Data records Start Marker
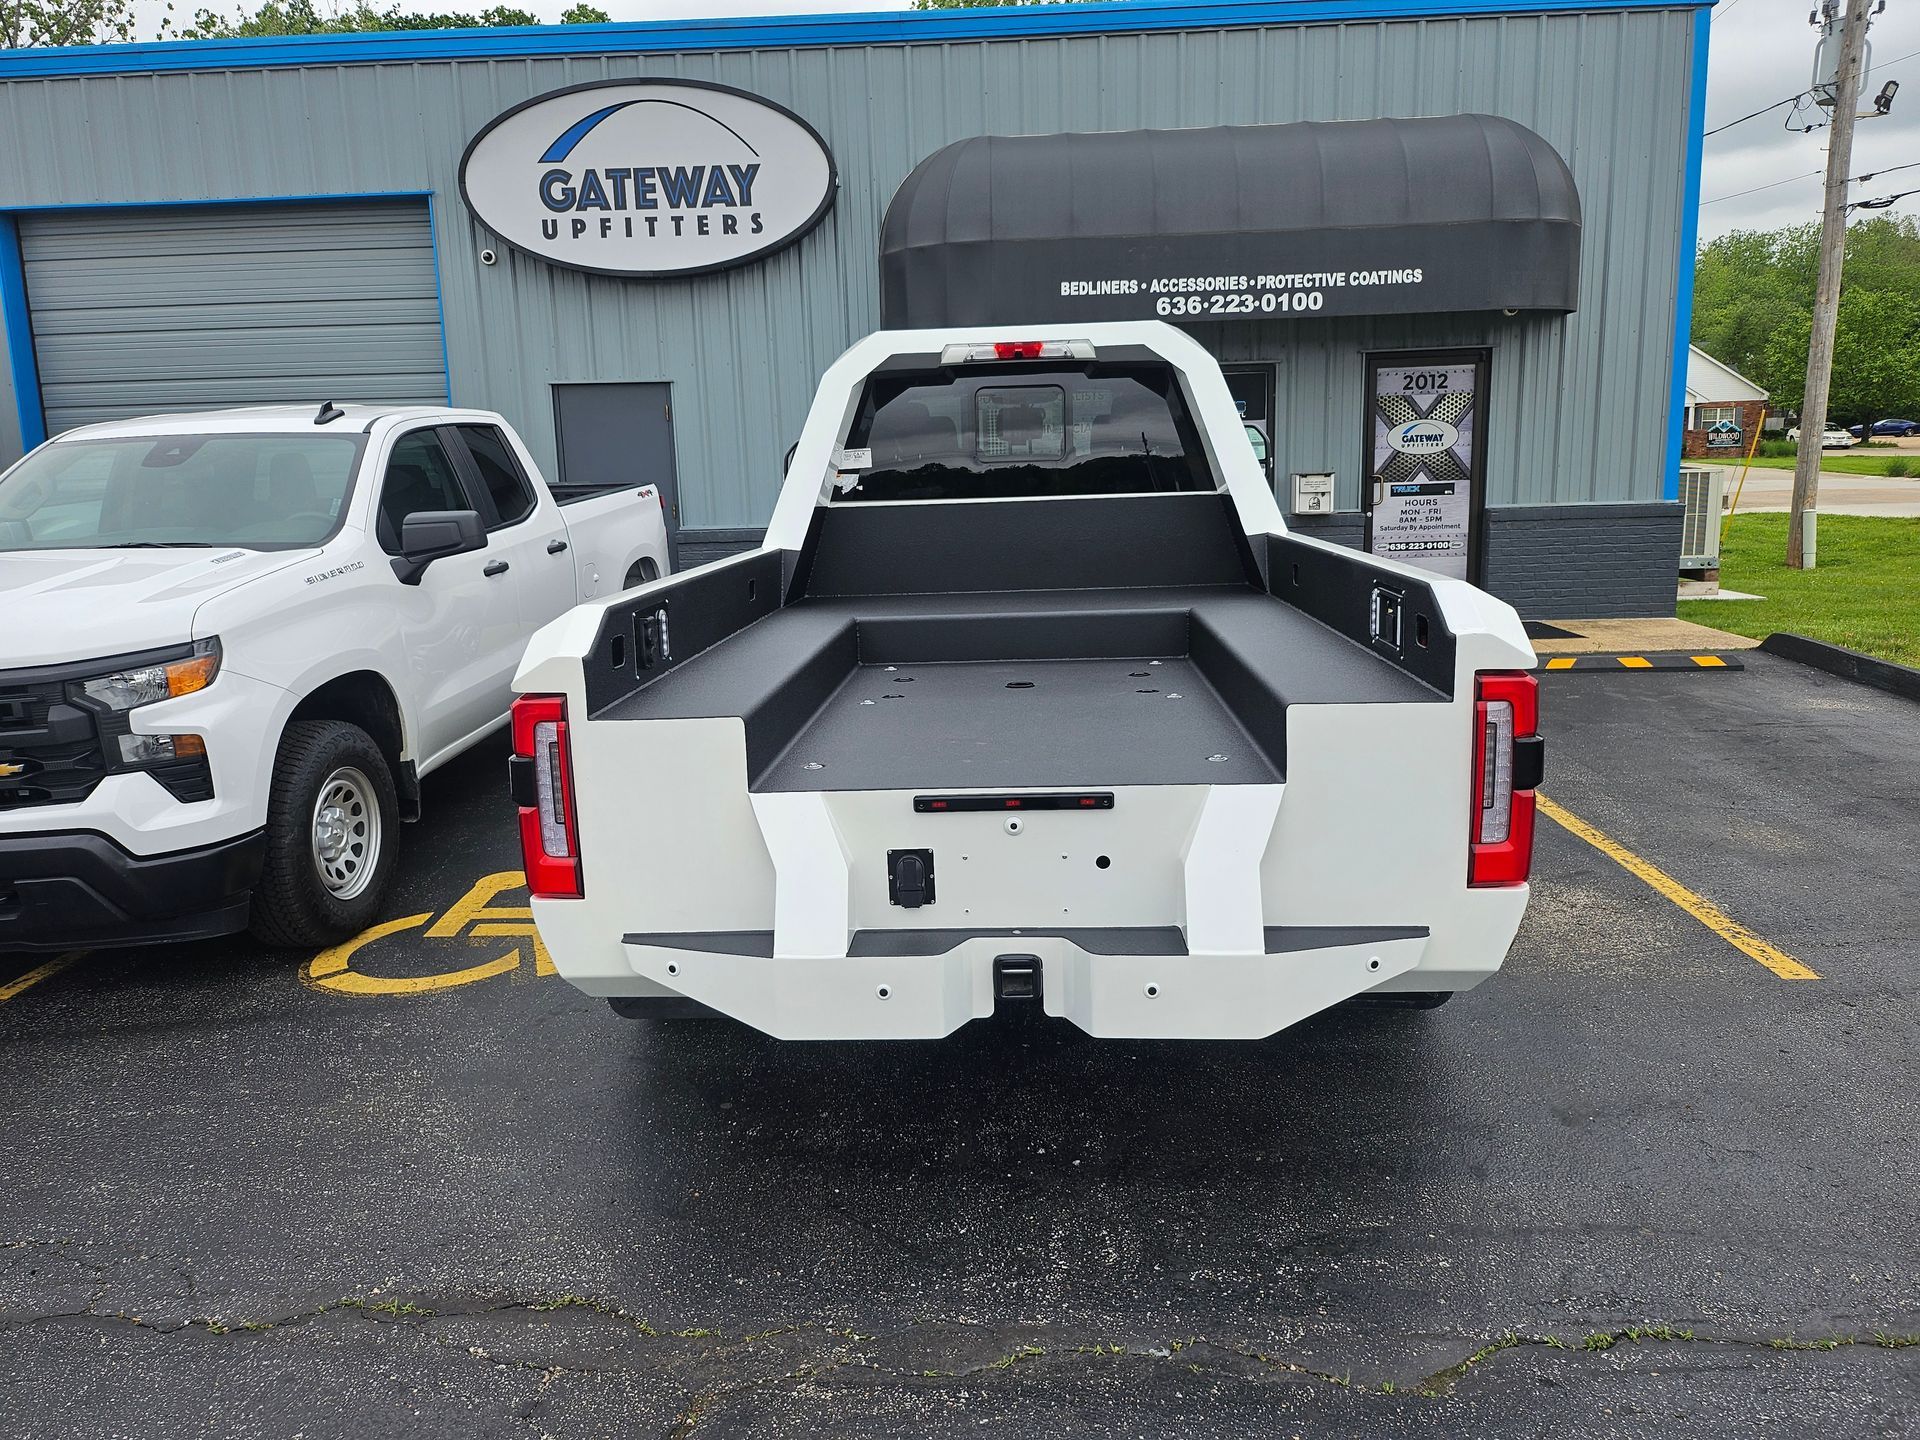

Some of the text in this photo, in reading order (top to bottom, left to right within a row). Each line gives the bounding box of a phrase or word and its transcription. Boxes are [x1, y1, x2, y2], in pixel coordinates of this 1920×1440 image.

[538, 163, 760, 213] GATEWAY
[541, 213, 764, 240] UPFITTERS
[1060, 269, 1423, 296] BEDLINERS ACCESSORIES PROTECTIVE COATINGS
[1402, 373, 1448, 391] 2012
[1401, 433, 1444, 443] GATEWAY
[1404, 498, 1438, 507] HOURS
[1418, 523, 1461, 531] Appointment
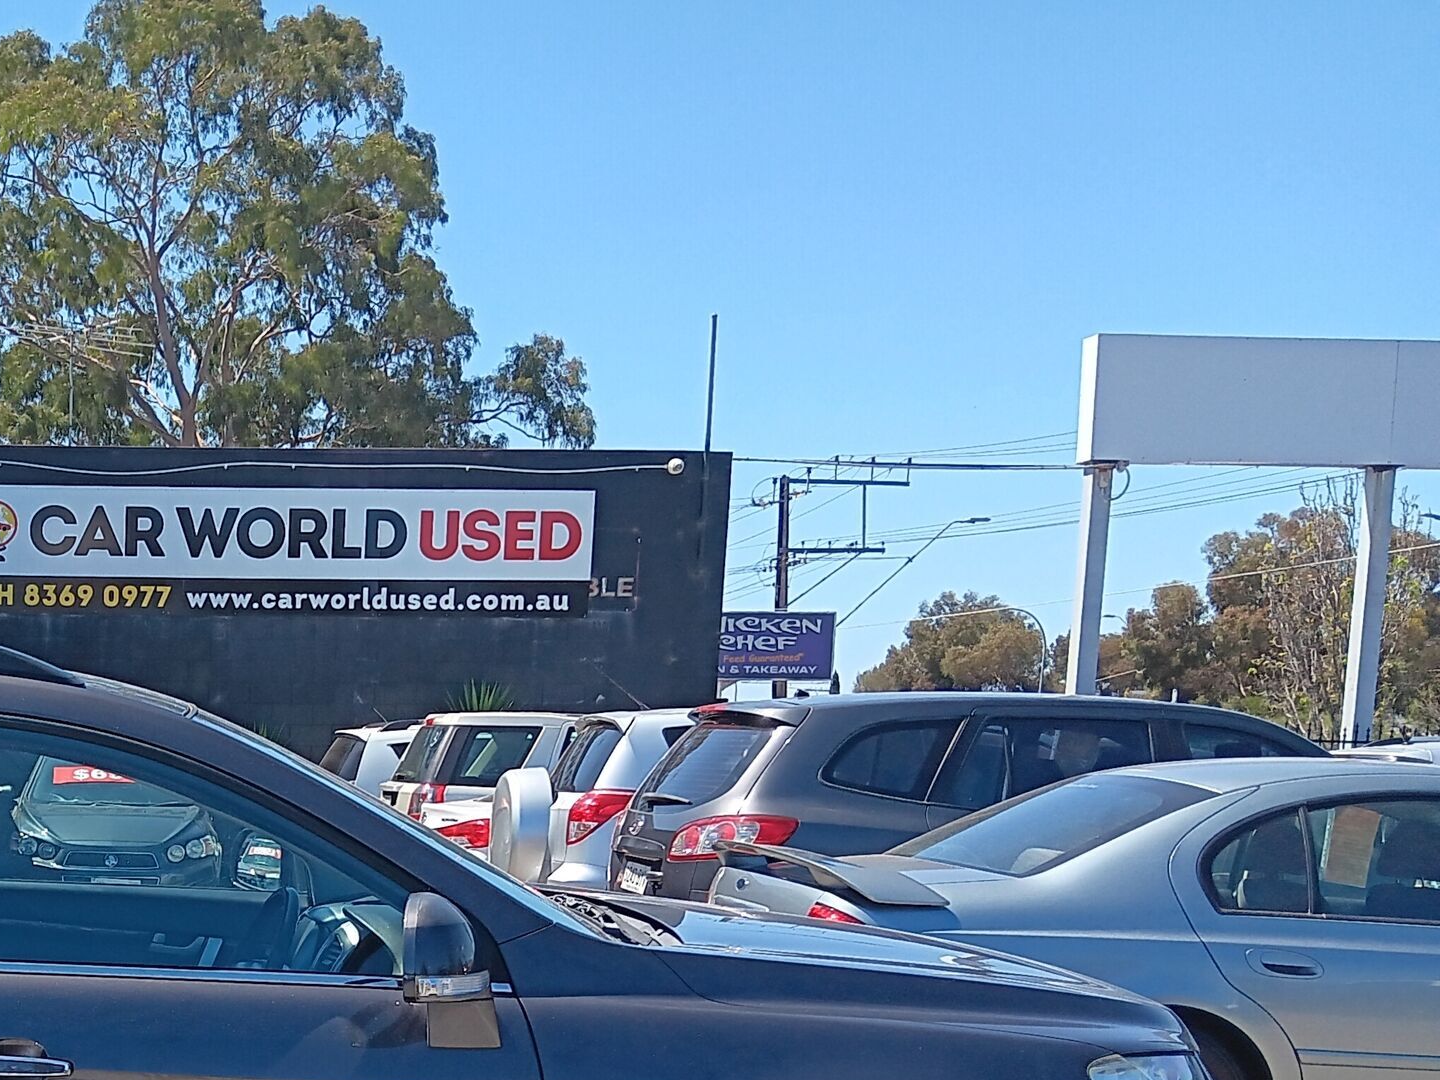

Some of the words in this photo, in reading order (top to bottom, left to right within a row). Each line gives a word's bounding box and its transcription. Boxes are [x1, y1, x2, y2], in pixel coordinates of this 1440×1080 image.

[29, 505, 166, 557] CAR
[176, 506, 408, 560] WORLD
[418, 508, 583, 561] USED
[23, 584, 94, 607] 8369
[103, 585, 173, 608] 0977
[186, 586, 570, 612] www.carworldused.com.au
[730, 665, 740, 674] &
[744, 665, 818, 674] TAKEAWAY
Data records End Marker
Prompt. The output must be every line of the records, printed exactly, with the pictures omitted.

Response to this task.
Some of the text in this photo, in reading order (top to bottom, left to right within a row). Each line gives the bounding box of a phrase or word and its transcription. Boxes are [x1, y1, x2, y2], in pixel coordinates of this 1920×1440 image.

[538, 163, 760, 213] GATEWAY
[541, 213, 764, 240] UPFITTERS
[1060, 269, 1423, 296] BEDLINERS ACCESSORIES PROTECTIVE COATINGS
[1402, 373, 1448, 391] 2012
[1401, 433, 1444, 443] GATEWAY
[1404, 498, 1438, 507] HOURS
[1418, 523, 1461, 531] Appointment

Some of the words in this photo, in reading order (top to bottom, left to right within a row). Each line gives a word's bounding box and its transcription. Boxes are [x1, y1, x2, y2], in pixel coordinates of this 1440×1080 image.

[29, 505, 166, 557] CAR
[176, 506, 408, 560] WORLD
[418, 508, 583, 561] USED
[23, 584, 94, 607] 8369
[103, 585, 173, 608] 0977
[186, 586, 570, 612] www.carworldused.com.au
[730, 665, 740, 674] &
[744, 665, 818, 674] TAKEAWAY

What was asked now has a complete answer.